Spatial localization data

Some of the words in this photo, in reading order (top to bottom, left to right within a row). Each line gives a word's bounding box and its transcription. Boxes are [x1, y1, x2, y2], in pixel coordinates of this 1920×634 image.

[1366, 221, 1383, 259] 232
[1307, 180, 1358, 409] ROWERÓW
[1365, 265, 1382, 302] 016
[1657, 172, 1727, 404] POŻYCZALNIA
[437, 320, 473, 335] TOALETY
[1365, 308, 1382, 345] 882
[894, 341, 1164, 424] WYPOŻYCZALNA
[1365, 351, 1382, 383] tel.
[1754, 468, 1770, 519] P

- Exercise goal -
Line by line, retype all of the records exactly.

- Your solution -
Some of the words in this photo, in reading order (top to bottom, left to right within a row). Each line gives a word's bounding box and its transcription. Boxes are [x1, y1, x2, y2], in pixel coordinates of this 1920×634 image.

[1366, 221, 1383, 259] 232
[1307, 180, 1358, 409] ROWERÓW
[1365, 265, 1382, 302] 016
[1657, 172, 1727, 404] POŻYCZALNIA
[437, 320, 473, 335] TOALETY
[1365, 308, 1382, 345] 882
[894, 341, 1164, 424] WYPOŻYCZALNA
[1365, 351, 1382, 383] tel.
[1754, 468, 1770, 519] P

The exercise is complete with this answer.